BEGIN

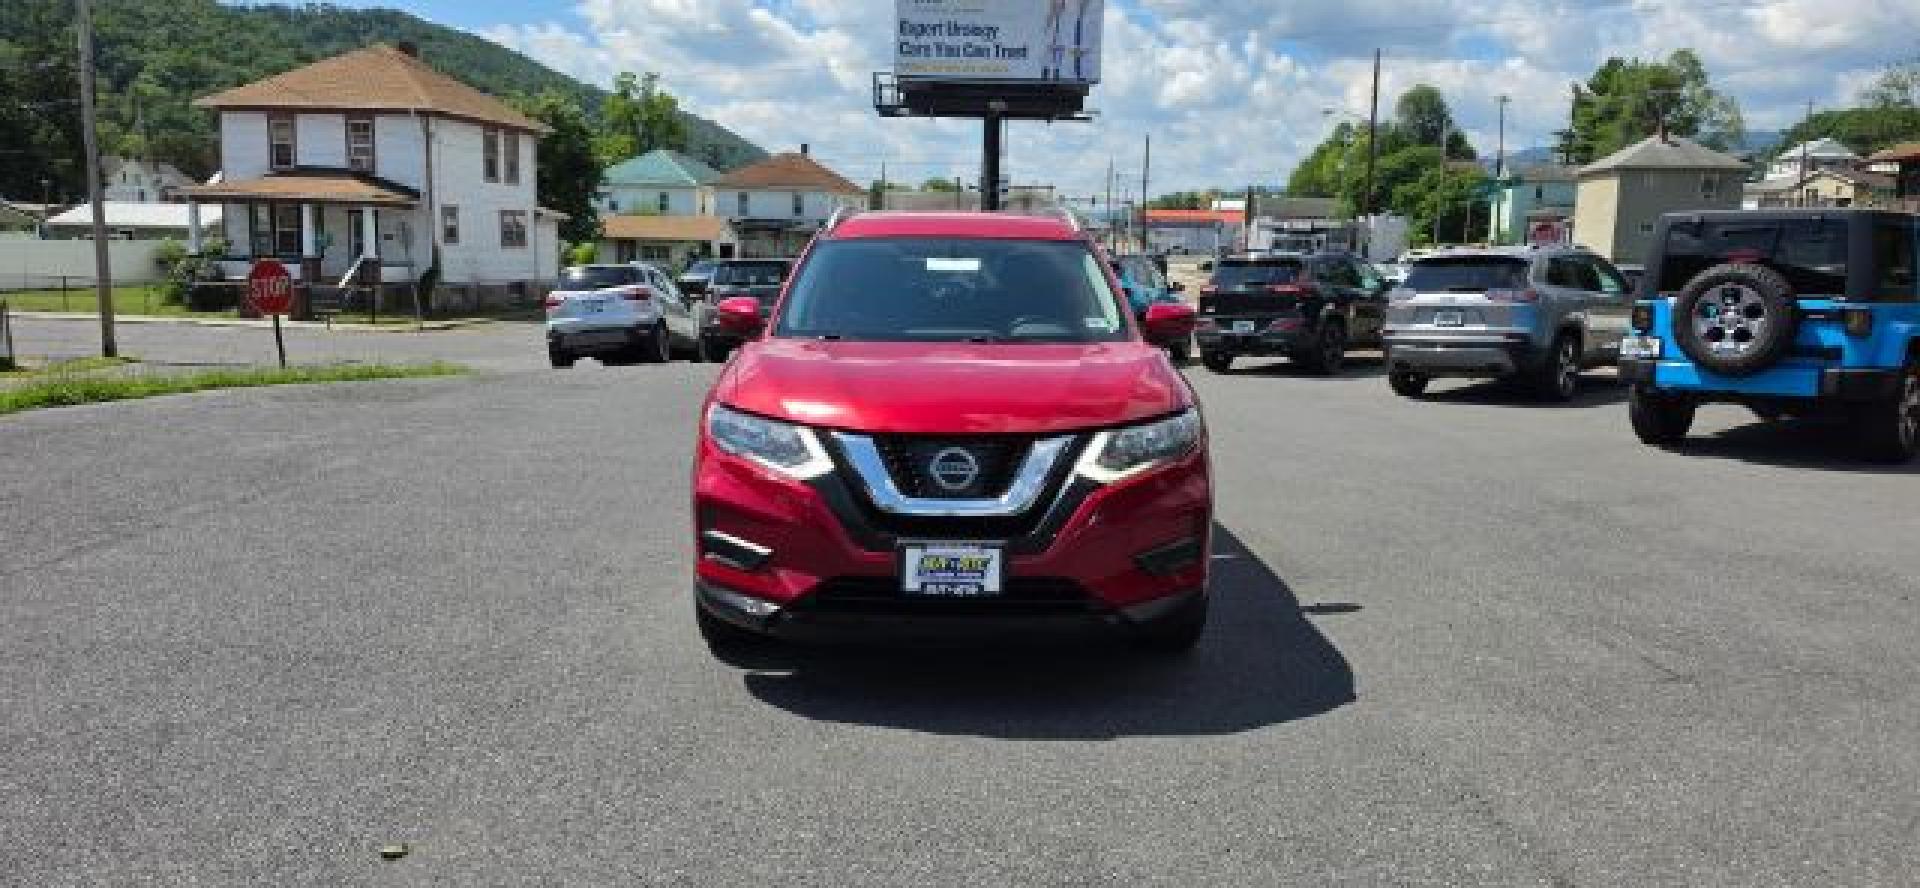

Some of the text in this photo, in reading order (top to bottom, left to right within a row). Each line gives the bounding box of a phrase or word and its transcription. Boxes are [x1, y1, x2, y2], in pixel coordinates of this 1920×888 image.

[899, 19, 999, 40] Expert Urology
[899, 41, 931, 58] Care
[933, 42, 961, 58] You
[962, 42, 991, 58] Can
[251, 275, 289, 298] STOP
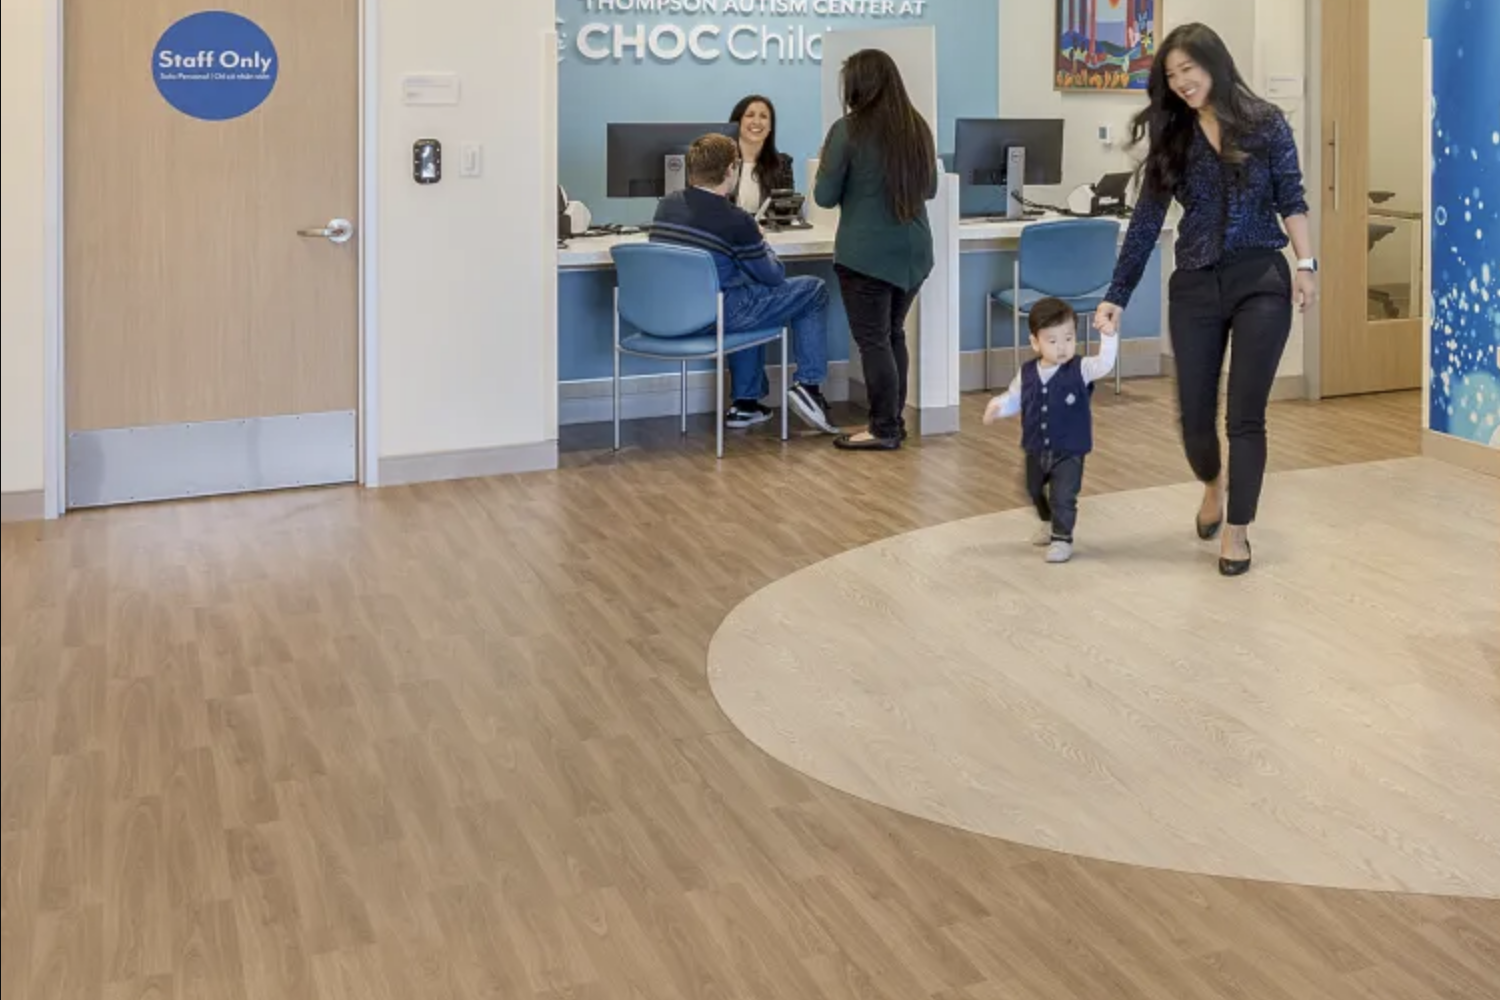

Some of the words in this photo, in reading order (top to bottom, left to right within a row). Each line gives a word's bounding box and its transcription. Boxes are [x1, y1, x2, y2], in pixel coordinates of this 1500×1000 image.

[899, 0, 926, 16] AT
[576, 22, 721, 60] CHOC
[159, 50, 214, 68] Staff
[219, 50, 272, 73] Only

END

WHAT IS NEEDED:
Would you output all of the entries above exactly, keeping the pictures out?

RESPONSE AREA:
Some of the text in this photo, in reading order (top to bottom, left to right within a row). Each line gives the bounding box of a phrase or word and its transcription. Boxes are [x1, y1, x2, y2], in pixel coordinates of this 1920×888 image.

[899, 19, 999, 40] Expert Urology
[899, 41, 931, 58] Care
[933, 42, 961, 58] You
[962, 42, 991, 58] Can
[251, 275, 289, 298] STOP

Some of the words in this photo, in reading order (top to bottom, left to right within a row). Each line gives a word's bounding box and its transcription. Boxes are [x1, y1, x2, y2], in pixel coordinates of this 1500×1000 image.

[899, 0, 926, 16] AT
[576, 22, 721, 60] CHOC
[159, 50, 214, 68] Staff
[219, 50, 272, 73] Only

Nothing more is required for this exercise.